_REQUIREMENT_
Return the lines that run from the line containing "this 1700×1280 image." through the end of the entries, both ends included. Leave out all pictures.

────────

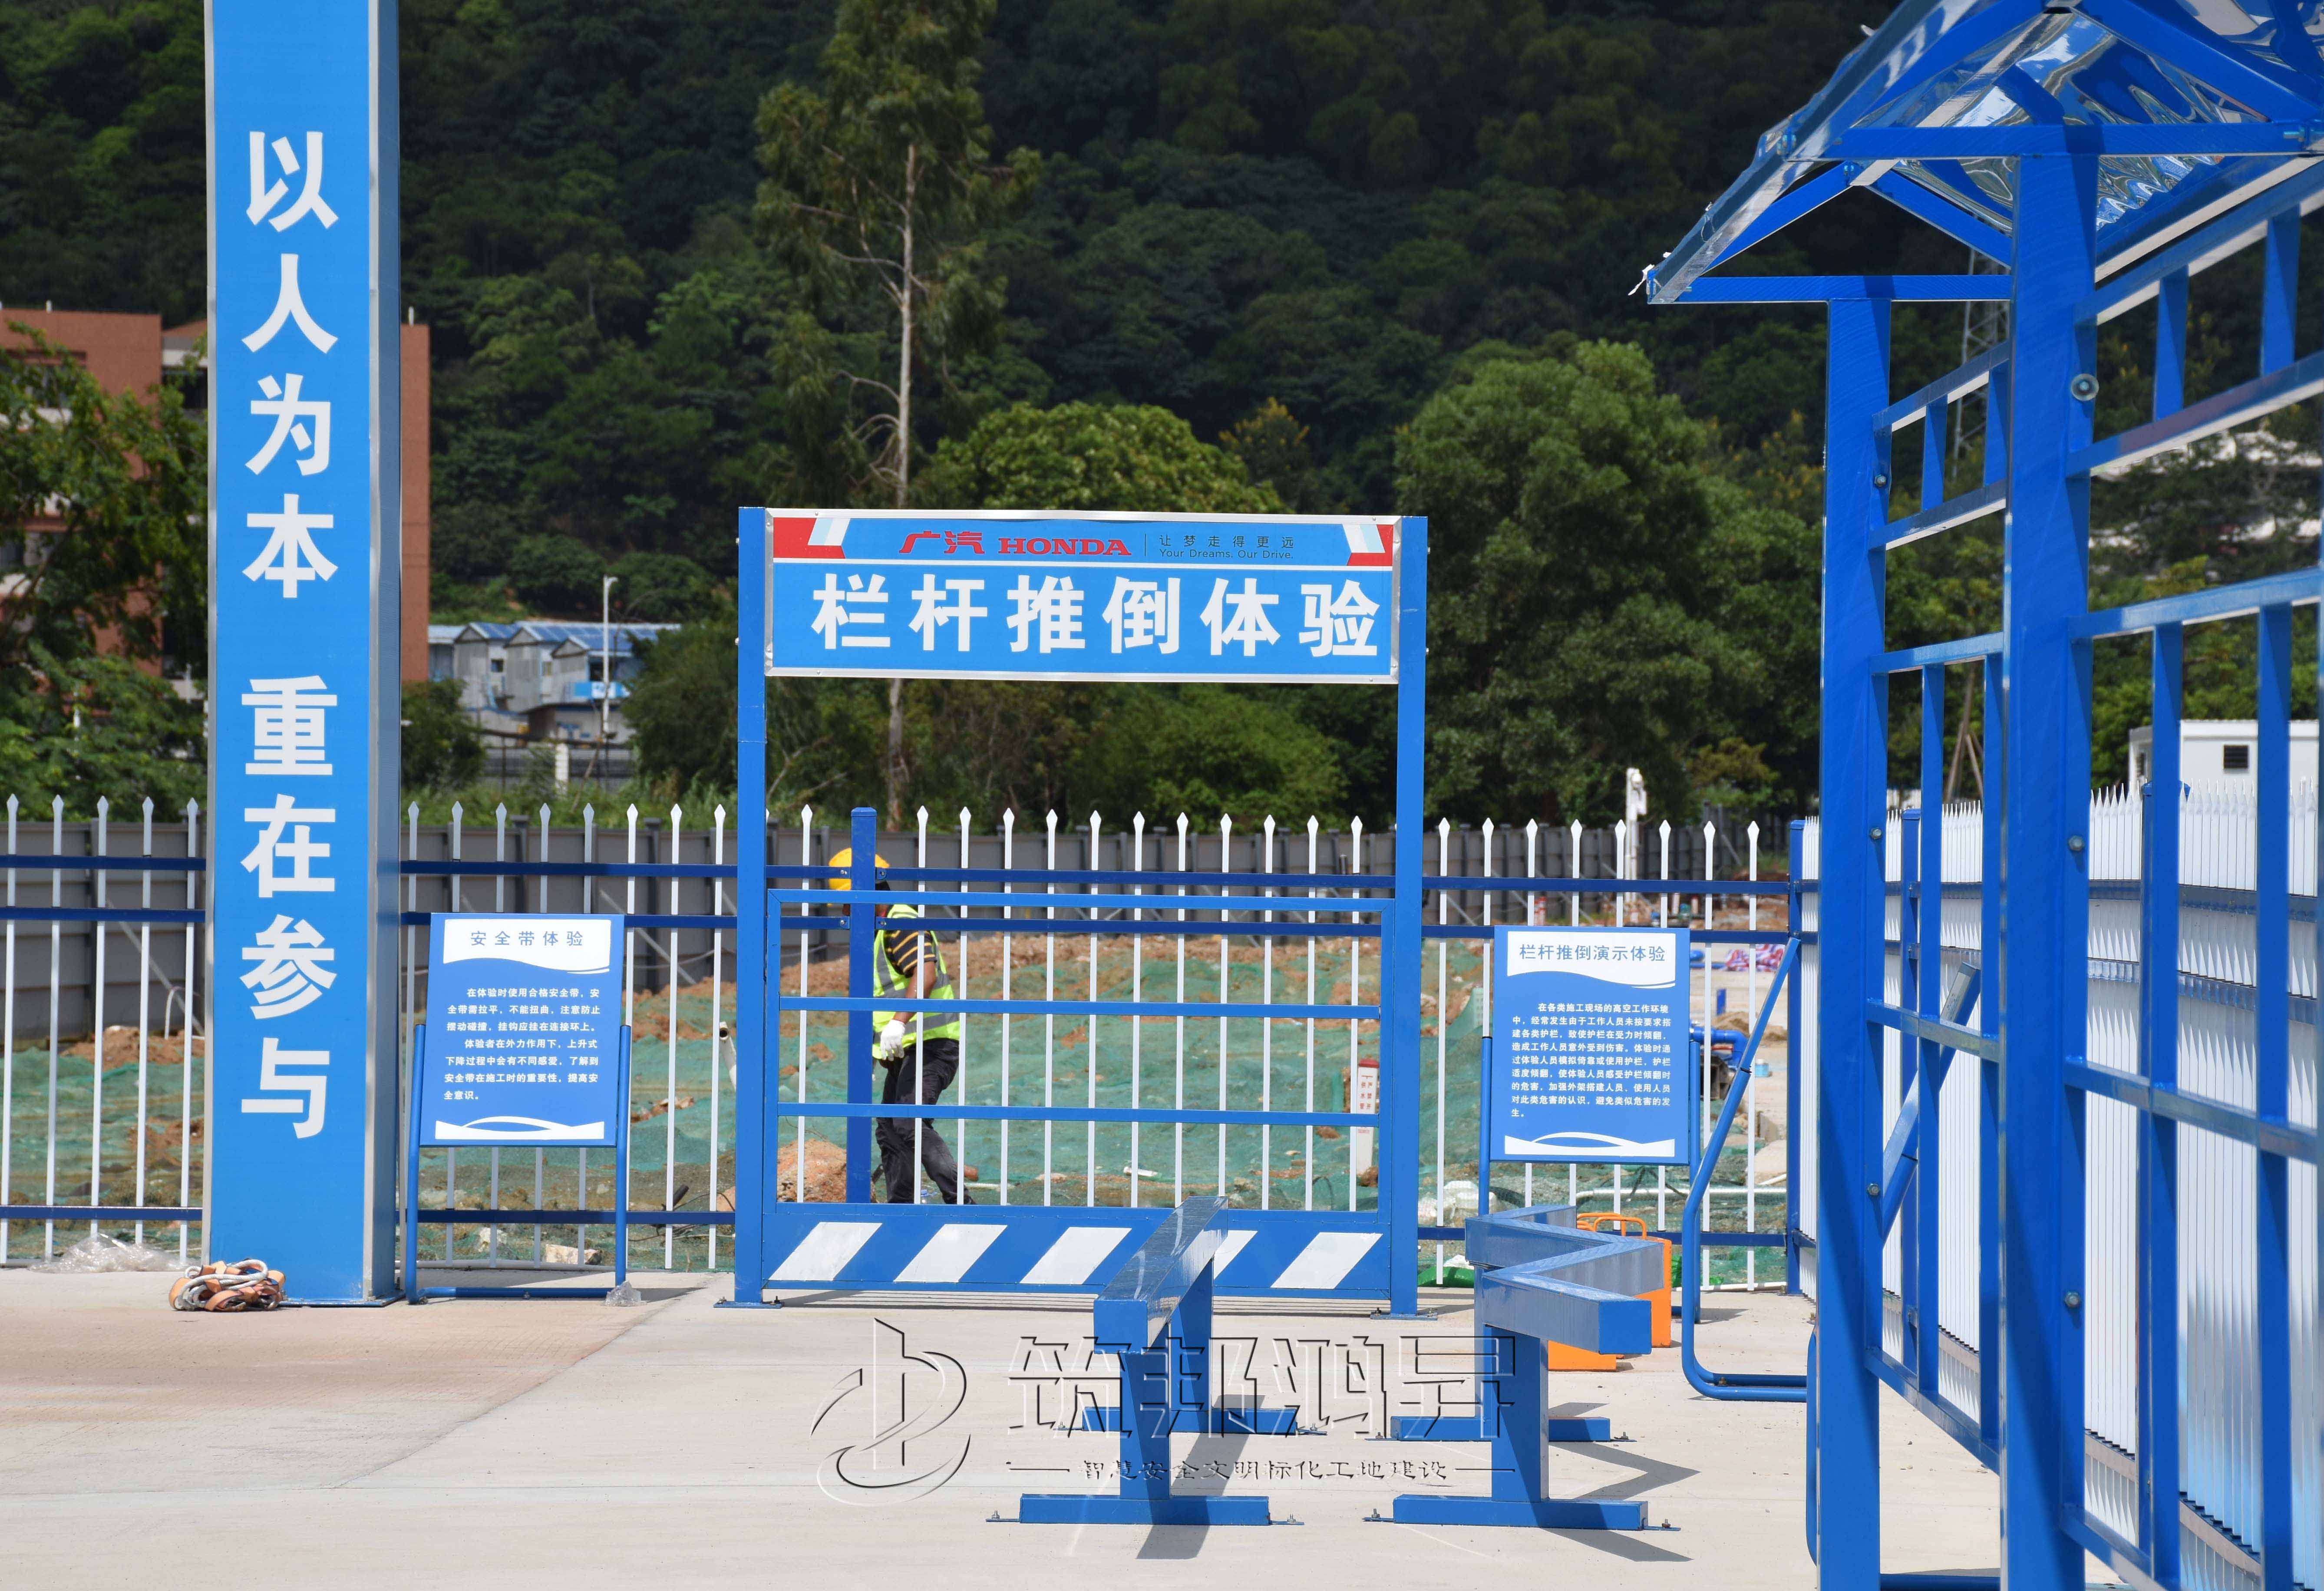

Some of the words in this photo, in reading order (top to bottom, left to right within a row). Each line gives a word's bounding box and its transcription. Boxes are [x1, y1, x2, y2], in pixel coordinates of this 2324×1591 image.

[242, 131, 338, 598] 以人为本
[899, 531, 985, 554] 广汽
[998, 538, 1132, 556] HONDA
[1159, 535, 1293, 548] 让梦走得更远
[1159, 549, 1184, 557] Your
[1190, 549, 1233, 558] Dreams.
[1238, 550, 1258, 558] Our
[1263, 550, 1293, 559] Drive.
[811, 573, 1380, 657] 栏杆推倒体验
[240, 675, 337, 1139] 重在参与
[470, 931, 583, 946] 安全带体验
[1519, 944, 1665, 961] 栏杆推倒演示体验
[444, 1090, 479, 1100] 全意识。
[1511, 1109, 1525, 1117] 生。
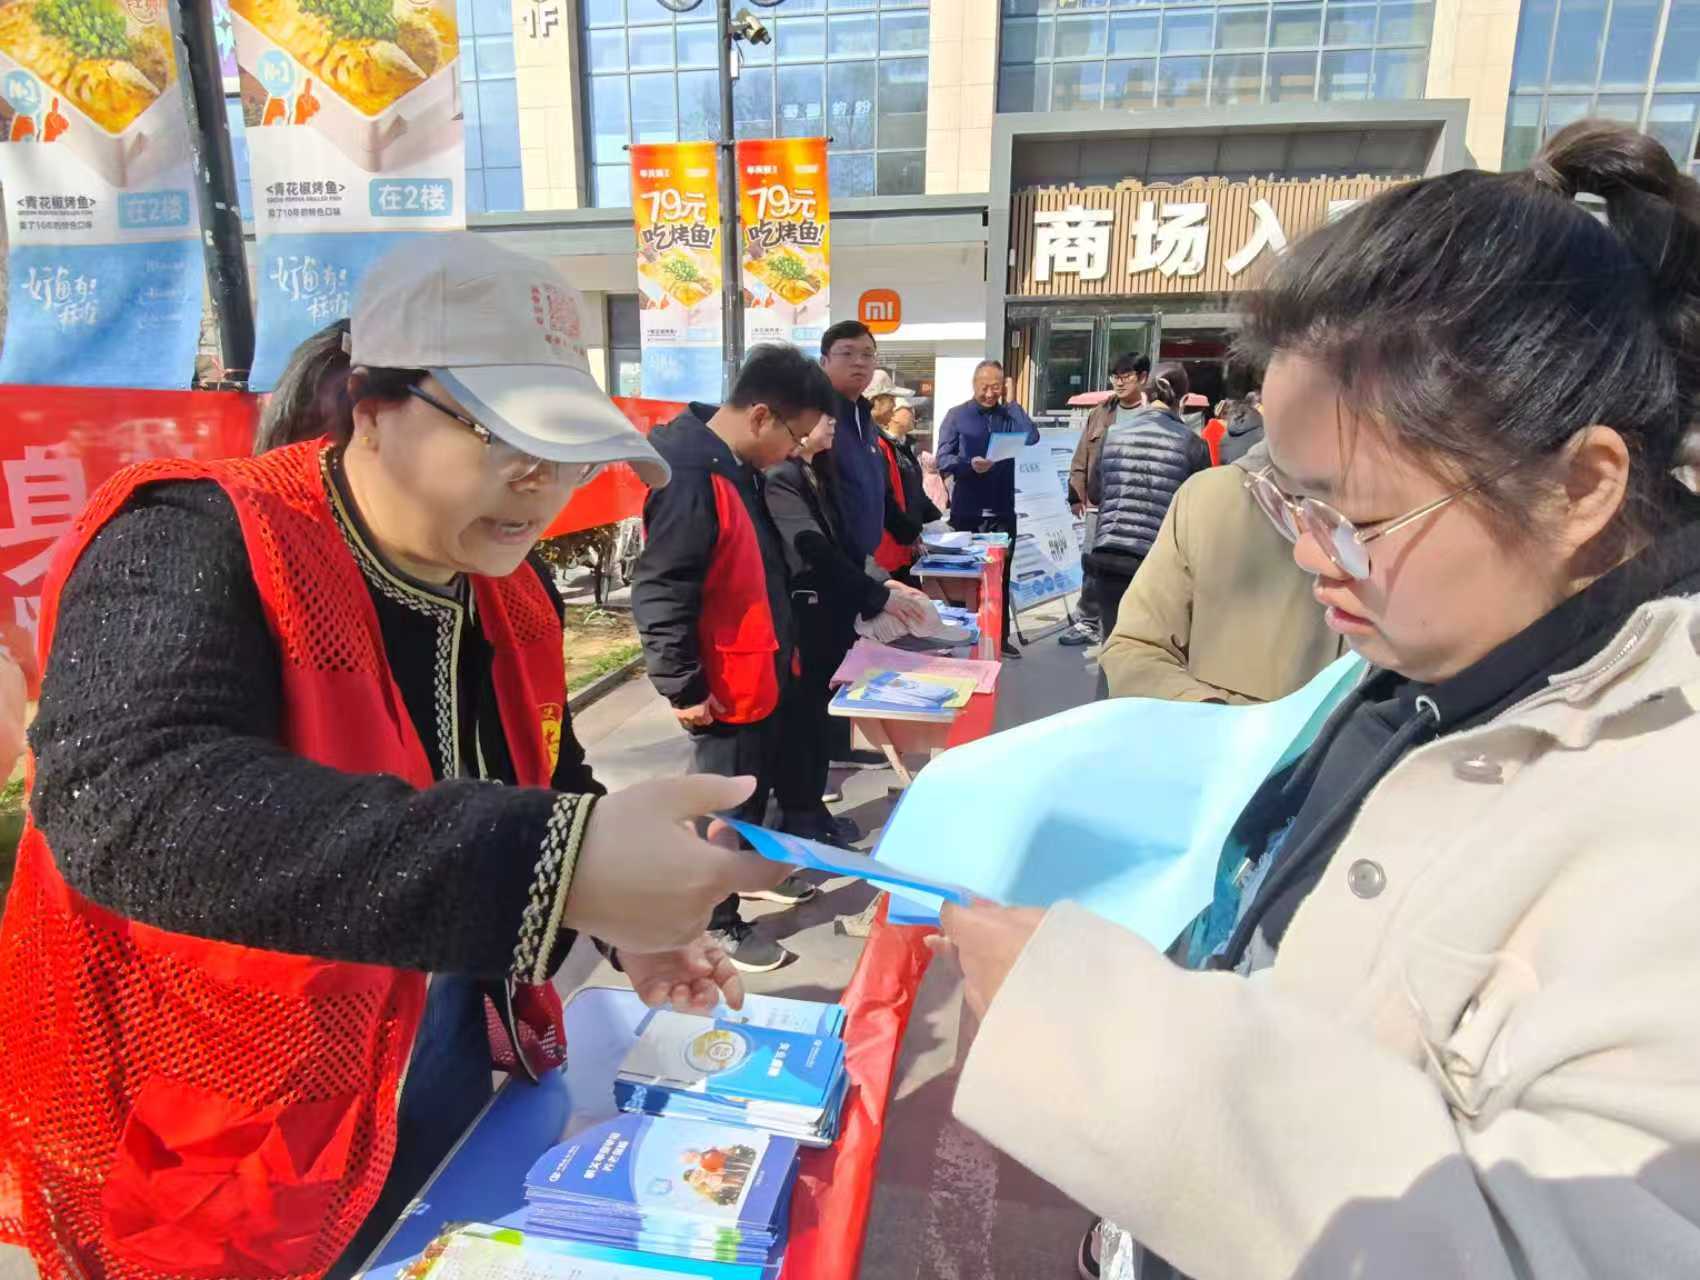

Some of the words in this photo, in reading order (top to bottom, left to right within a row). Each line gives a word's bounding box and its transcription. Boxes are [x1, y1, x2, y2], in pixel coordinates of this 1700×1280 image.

[378, 184, 446, 211] 在2楼
[640, 188, 707, 222] 79元
[746, 184, 817, 220] 79元
[1034, 197, 1364, 282] 商场入
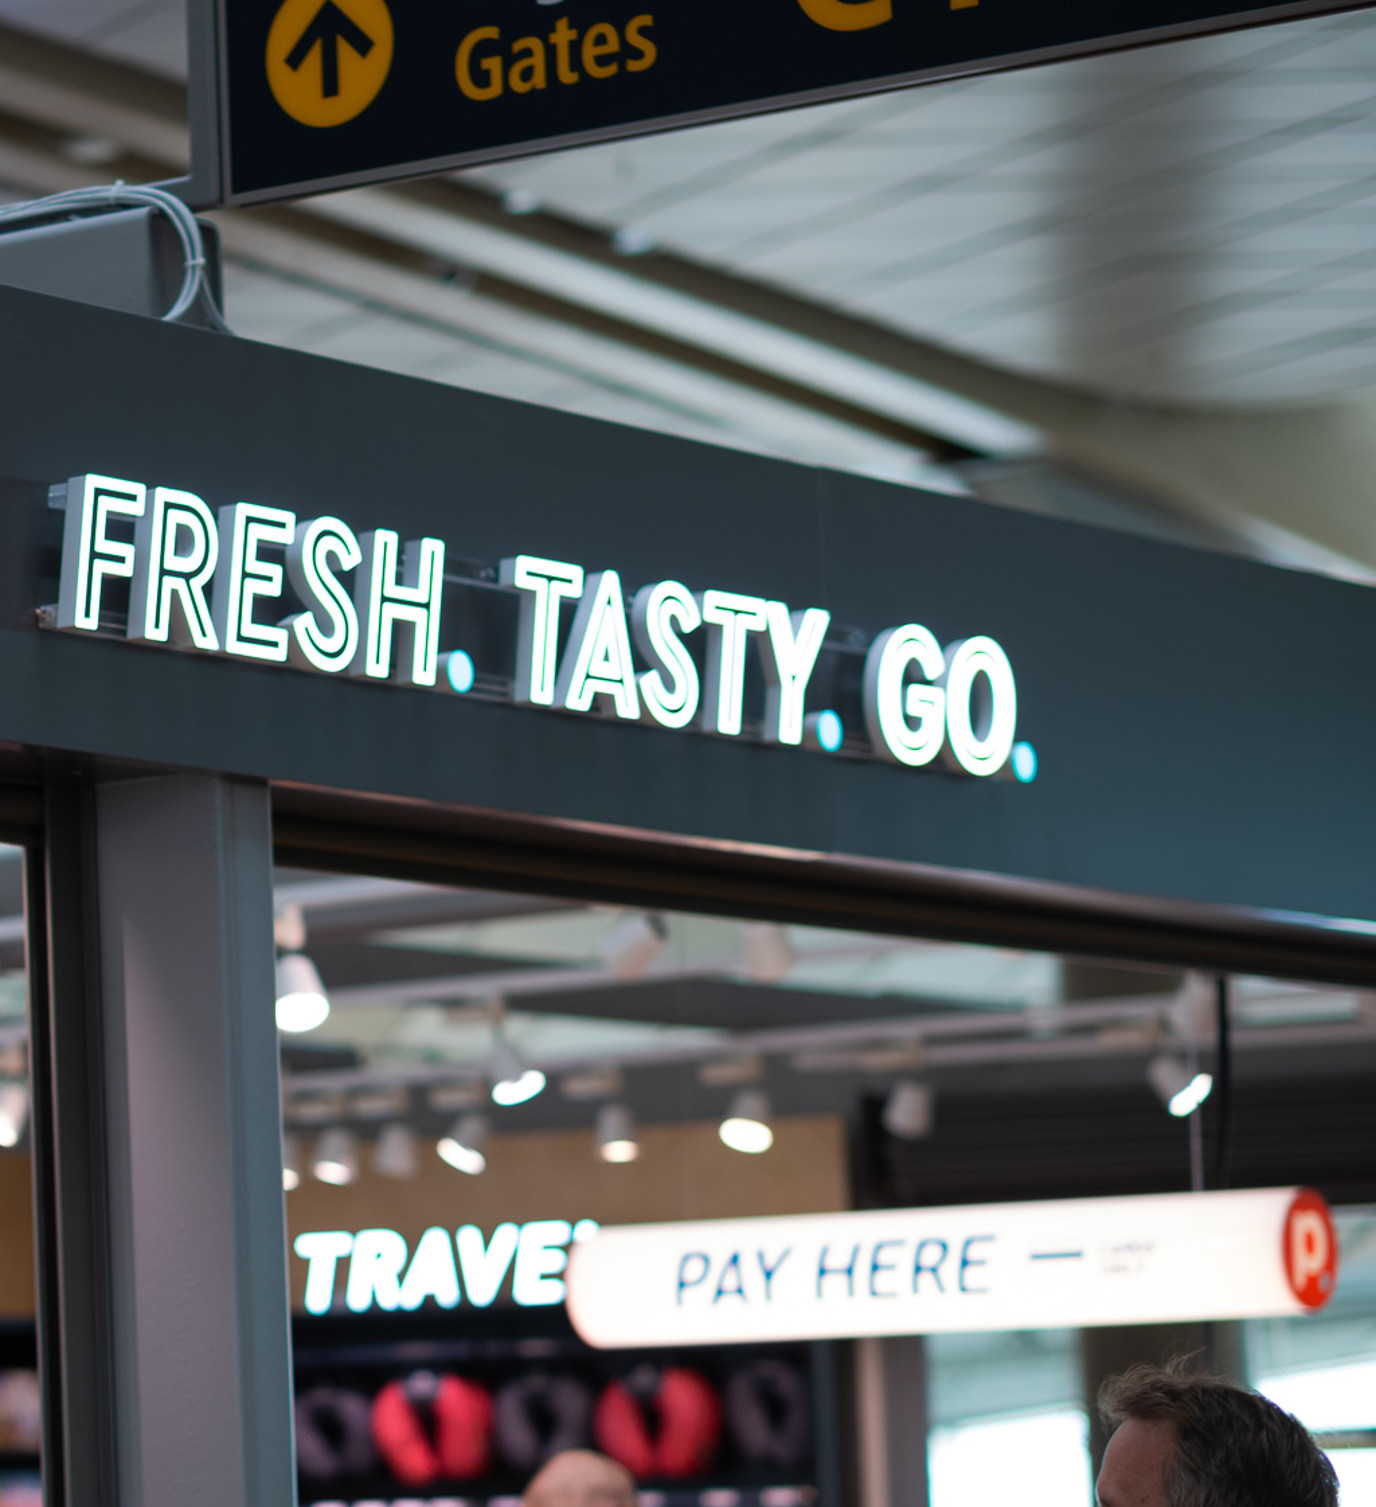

────────

_PROBLEM SOLUTION_
Some of the words in this photo, in reading order (top to bottom, left to right within a row). Each line gives a word's bounding box and its transcription. Boxes are [x1, y1, x2, y2], in pixel coordinates of this 1700×1280 image.

[378, 184, 446, 211] 在2楼
[640, 188, 707, 222] 79元
[746, 184, 817, 220] 79元
[1034, 197, 1364, 282] 商场入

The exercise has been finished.